• [Work request] When you come to the line with "this 2208×1242 image.", begin repeating; continue exactly through the final line of the records and include nothing from before.

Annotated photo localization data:
________________

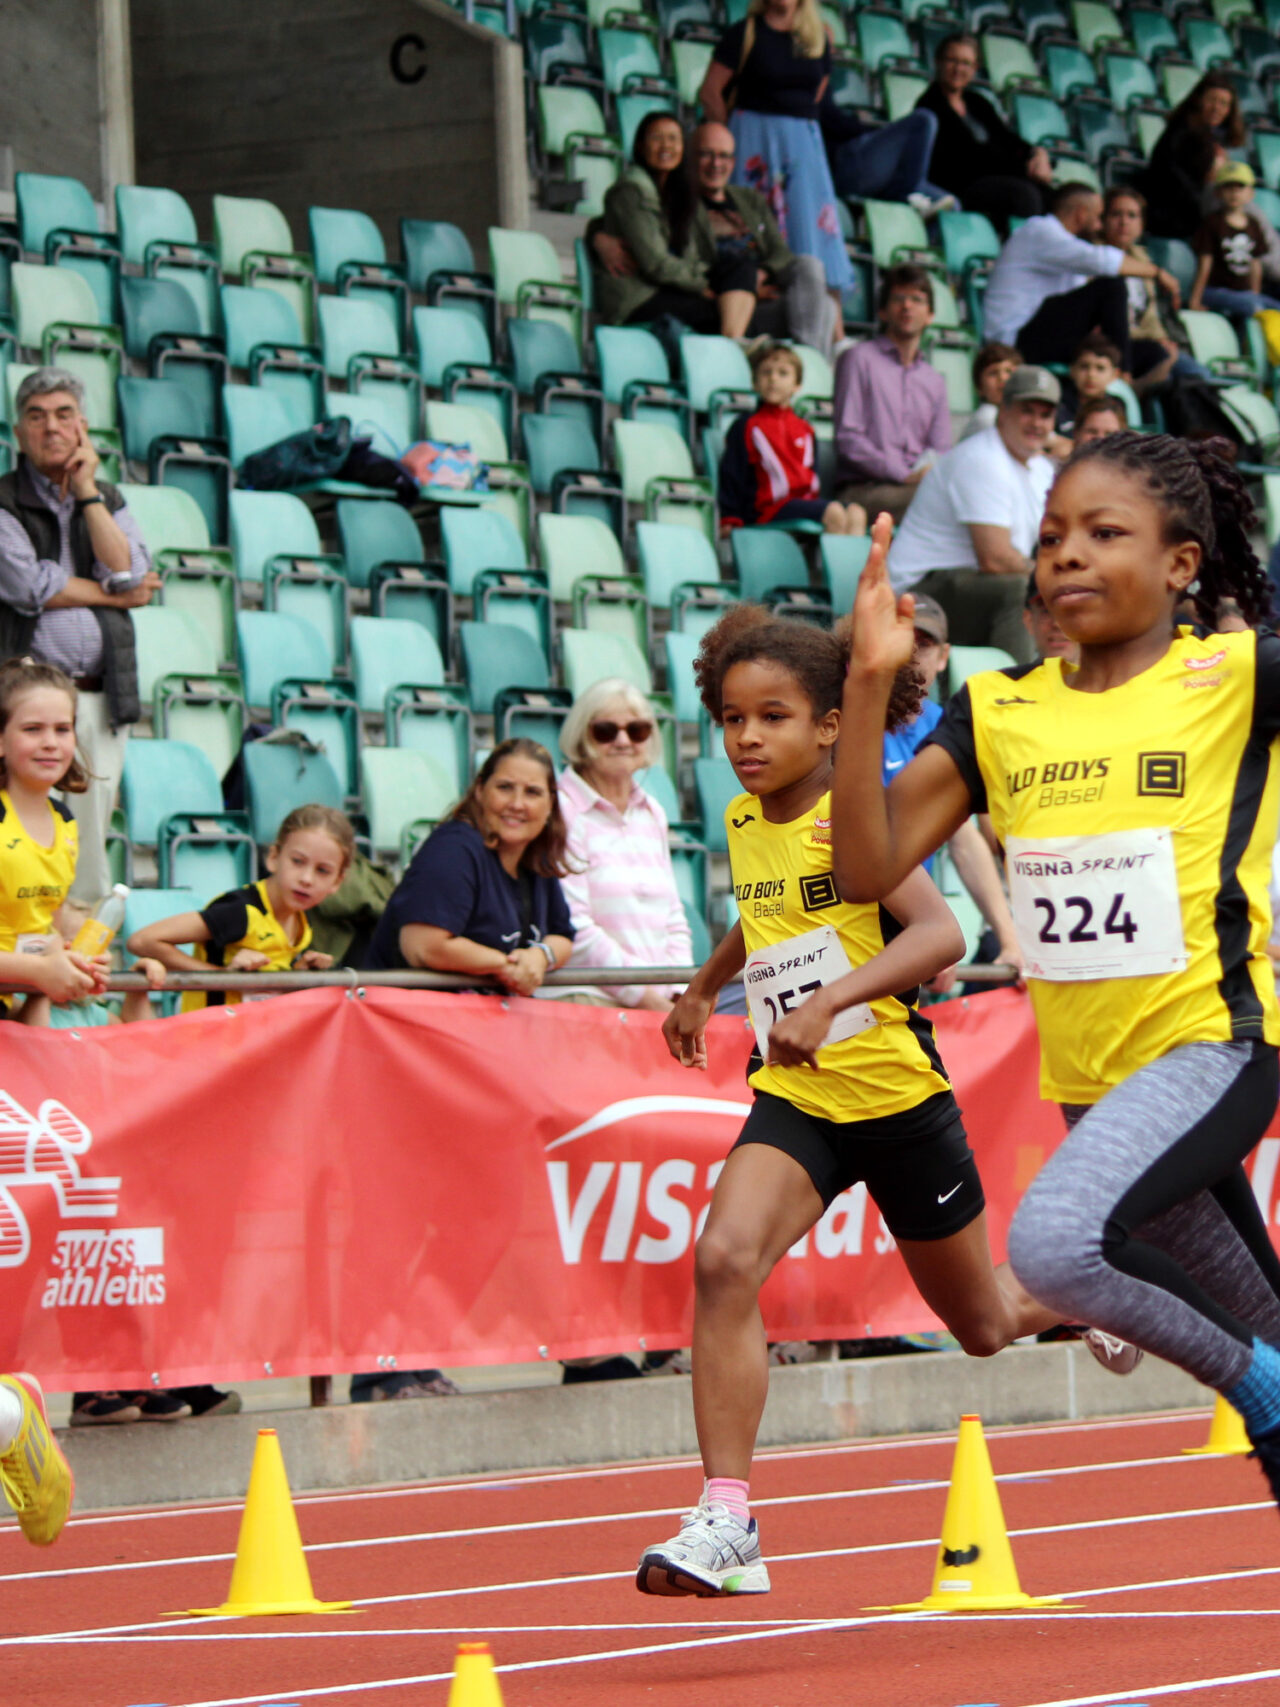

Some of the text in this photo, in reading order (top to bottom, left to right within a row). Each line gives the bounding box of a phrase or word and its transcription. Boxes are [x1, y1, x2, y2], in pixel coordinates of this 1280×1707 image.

[390, 33, 427, 85] C
[1041, 757, 1112, 784] BOYS
[1038, 780, 1105, 808] Basel
[1075, 852, 1156, 875] SPRINT
[753, 879, 786, 899] BOYS
[753, 898, 785, 918] Basel
[1033, 892, 1139, 944] 224
[777, 946, 829, 976] SPRINT
[53, 1232, 136, 1268] swiss
[40, 1265, 166, 1309] athletics
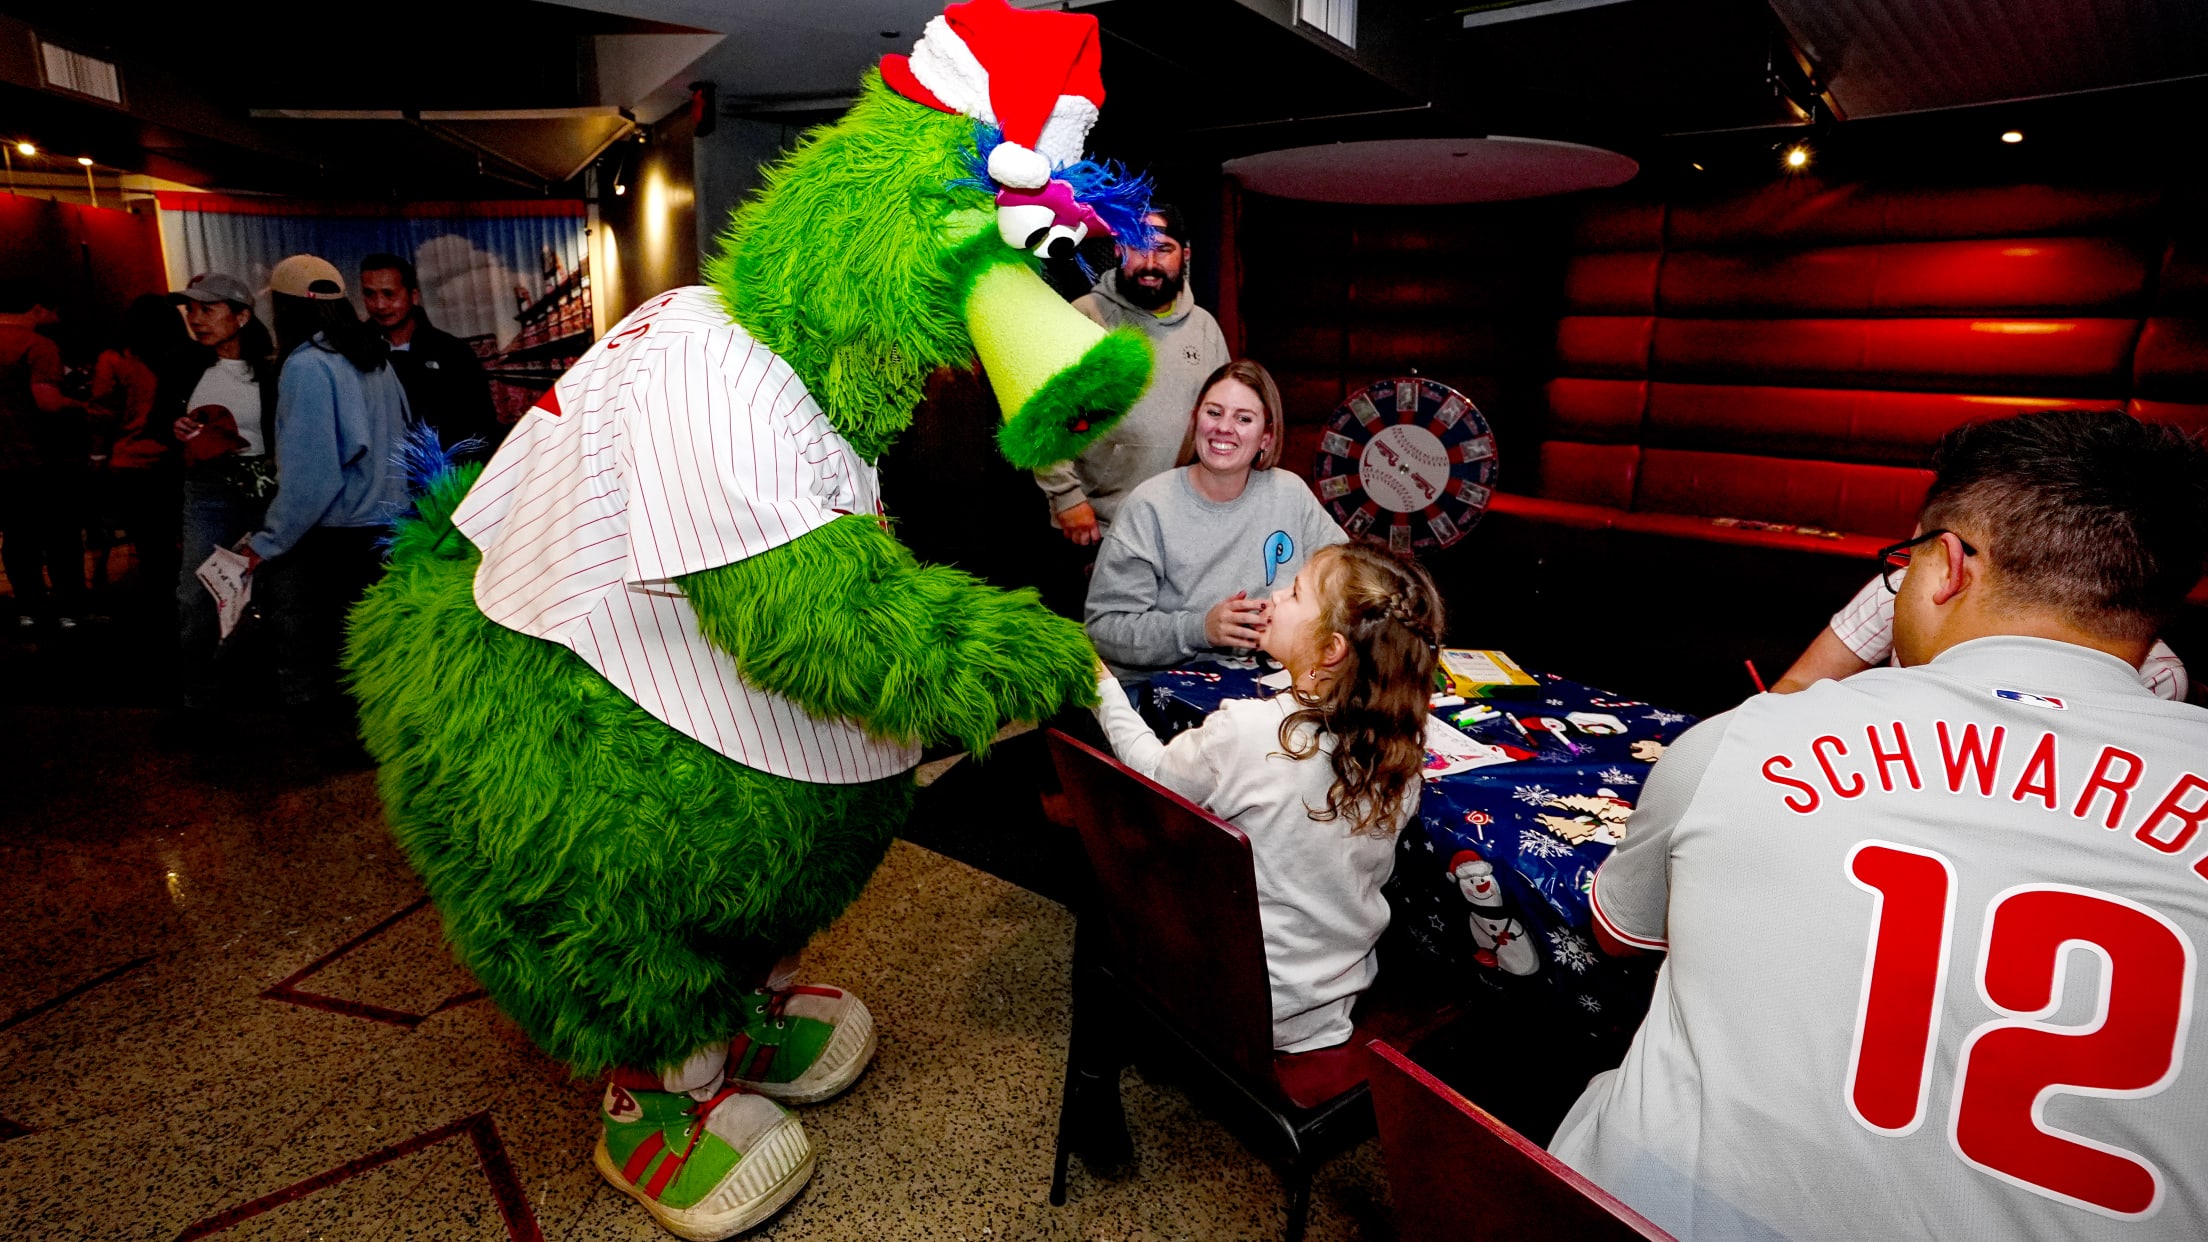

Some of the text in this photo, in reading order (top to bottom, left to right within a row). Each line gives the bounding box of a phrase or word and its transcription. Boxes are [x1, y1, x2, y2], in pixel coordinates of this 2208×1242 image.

[1264, 531, 1294, 586] P
[1761, 720, 2208, 882] SCHWARB
[1845, 839, 2197, 1222] 12
[610, 1086, 636, 1116] P

________________

• [Expected answer]
Some of the text in this photo, in reading order (top to bottom, left to right within a row). Each line gives the bounding box of a phrase or word and its transcription. Boxes are [x1, y1, x2, y2], in pixel coordinates of this 2208×1242 image.

[1264, 531, 1294, 586] P
[1761, 720, 2208, 882] SCHWARB
[1845, 839, 2197, 1222] 12
[610, 1086, 636, 1116] P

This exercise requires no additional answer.